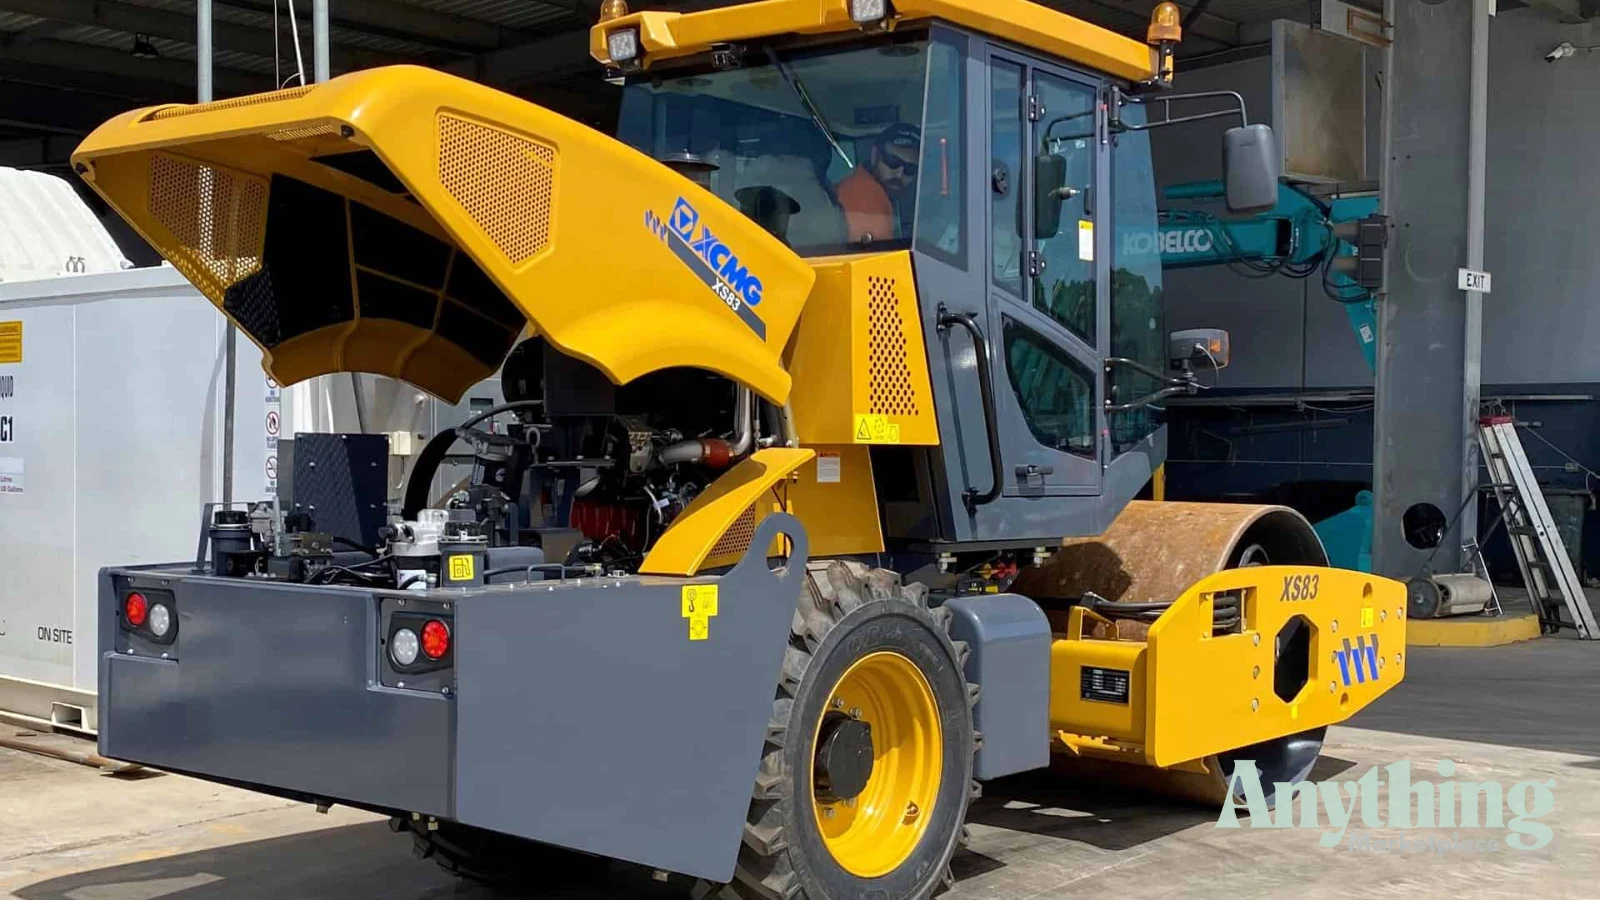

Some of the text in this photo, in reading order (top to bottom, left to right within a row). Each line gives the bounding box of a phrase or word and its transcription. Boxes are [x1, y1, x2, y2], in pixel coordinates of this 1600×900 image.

[1122, 229, 1214, 256] KOBELCO
[690, 223, 763, 307] XCMG
[711, 277, 741, 311] XS83
[1467, 272, 1485, 290] EXIT
[1279, 574, 1320, 602] XS83
[37, 626, 73, 644] ON SITE

Problem to work on:
Take every entry above and transcribe it exactly, with no pictures in the copy.

Answer for the task:
Some of the text in this photo, in reading order (top to bottom, left to right within a row). Each line gives the bounding box of a phrase or word and its transcription. Boxes are [x1, y1, x2, y2], in pixel coordinates of this 1600×900 image.

[1122, 229, 1214, 256] KOBELCO
[690, 223, 763, 307] XCMG
[711, 277, 741, 311] XS83
[1467, 272, 1485, 290] EXIT
[1279, 574, 1320, 602] XS83
[37, 626, 73, 644] ON SITE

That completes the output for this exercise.